Tuesday, 16 October 2018

Where have you been?

Working for money, working for pleasure, getting upset, playing, eating, sleeping.

And having said that, I think I'm in my most creative period for years; at least since I stopped drawing my barbarian comic Talmac in 2011 (I still love some of those pages, and really enjoyed the square format).

 In 2014 and 2016 I posted a few cartoon strips on a tumblr, and then summer of this year, while mowing my parents' lawn, I had a rush of inspiration from something that must have been welling under the surface and scribbled down the beginnings for many more strips. They've kept me going ever since.

I've called the collection Multum in Parvo, and it consists of various different series: The Harveys and Halfknots (social commentary, get it?), Fish in a Suit (political commentary, abstract), A Year in the Life of a Cartoonist (auto-bio only really in a symbolist fashion) and Stripling, probably the one I'm proudest of. It's a strictly formalist, minimalist continuing story of a sapling that I like to term sap opera. There are also various other little topical or silly things that go up there too. I post weekly on a Monday, both on tumblr and twitter, usually in the early evening (UK time).

I love reclaiming old work, that'll be a recurrent theme here. I like re-reading things I've made in the past. My adult work is usually better than I remember it being and my juvenile work, while usually bad, often still has something of interest about it. Emotionally speaking, reclaiming it helps me feel that I didn't ultimately give up on that thing and brings a little peace, while often old work will help me remember who I was at that moment in time and what voice I had. It helps me define where I might be going.

On that note, I've revisited a concept from my first year at uni. It was a project for myself and created with the same seeming ease with which everything seemed to happen in youth. I can only really describe it as "fruit-and-veg noir". I'm writing two short stories set in the same city, and with the same detective character I originally had, and having a whale of a time, honestly.

I'm nearly done with first draft scripts, and I'm already at over 50 pages of comic, so... not as short as I'd hoped, but I'm looking forward to having written it, set it aside and then coming back to see what I've really got there. I'd love to realise it, maybe a self-published print book, but I don't want to get ahead of myself.

I've also dug out some old cartoons from 1999/2000. I was very young then. They're silly and naive, and I still find them funny. The spirit of them is sound. I realise I'd (again, seemingly without effort) struck on a winning concept for a strip (I did read a lot of them at that age); one that's simple to draw, with defined characters and setting that are still flexible enough to go off in all sorts of interesting directions. My mind's been flooding with ideas for more of them. What's fascinating is that I just drew them in pen straight away, mind to paper, and numbered and dated each one so I can see that I'd do them in batches each day and quickly accumulate a body of work. I'd like to work like that again. They'll probably be appearing online soon in some form.
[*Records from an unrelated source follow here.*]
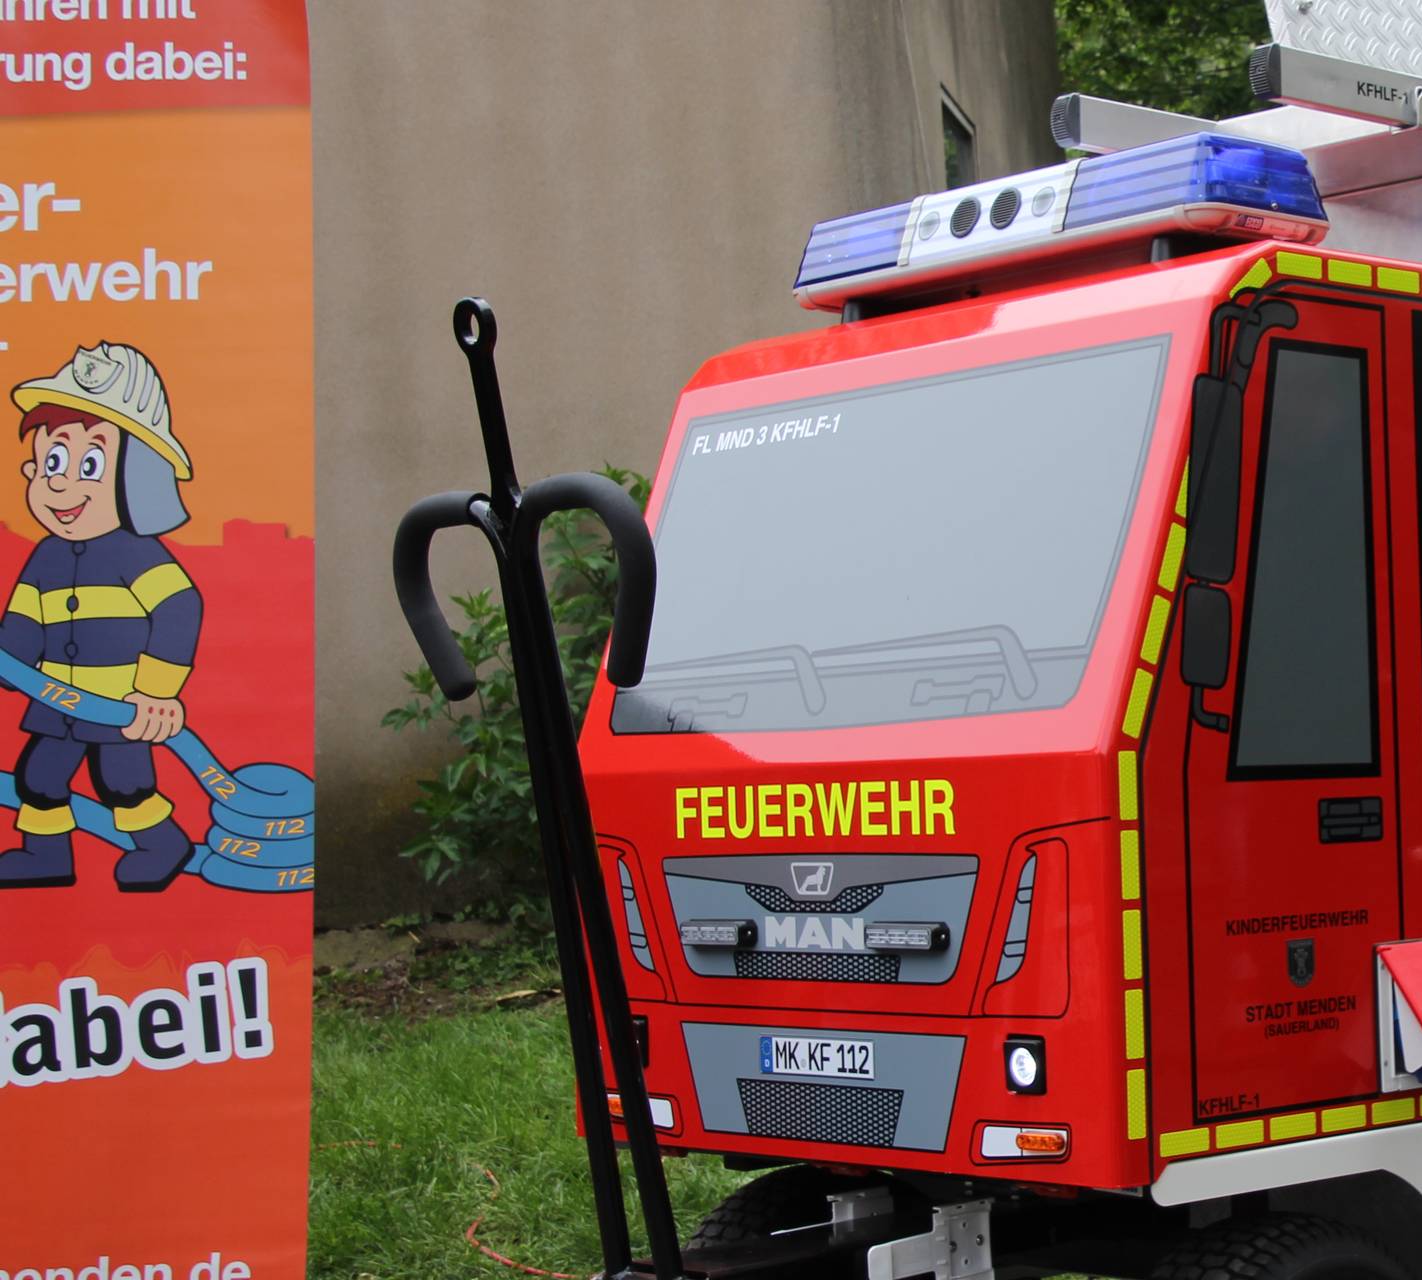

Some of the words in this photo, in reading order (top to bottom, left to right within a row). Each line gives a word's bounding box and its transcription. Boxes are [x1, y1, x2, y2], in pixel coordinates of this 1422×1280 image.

[0, 0, 108, 21] hren
[122, 0, 197, 19] mit
[105, 41, 248, 80] dabei:
[1356, 80, 1409, 104] KFHLF-1
[692, 435, 712, 456] FL
[715, 427, 755, 453] MND
[756, 425, 768, 446] 3
[770, 413, 842, 443] KFHLF-1
[39, 682, 81, 710] 112
[200, 766, 237, 800] 112
[675, 779, 956, 840] FEUERWEHR
[264, 818, 305, 836] 112
[218, 837, 261, 858] 112
[277, 870, 314, 887] 112
[764, 915, 865, 951] MAN
[1226, 909, 1369, 936] KINDERFEUERWEHR
[1245, 1002, 1293, 1023] STADT
[1297, 995, 1357, 1017] MENDEN
[1264, 1018, 1340, 1039] (SAUERLAND)
[775, 1041, 800, 1071] MK
[808, 1042, 831, 1072] KF
[836, 1044, 870, 1075] 112
[1199, 1092, 1260, 1115] KFHLF-1
I think one of the reasons for my new burst of creativity (and renewed vigour?) is a decrease in paid work from April of this year. I've had more time to try out creative projects for one thing, but for another I think rebalancing what I do has adjusted my priorities away from a job I probably don't enjoy all that much any more. I hope to make more art generally, comics specifically, and to make more of them. Currently I have a digital tips jar at ko-fi and I'm looking at more ways to make a living with art and make more art.

I haven't even mentioned Totopolis yet, which I was working on Jan-Mar this year. I'll come back to that another time, but drop in a sneaky panel:

Oh, and what planet have you visited most recently? Mine's Delirius, and it was worth the diseases.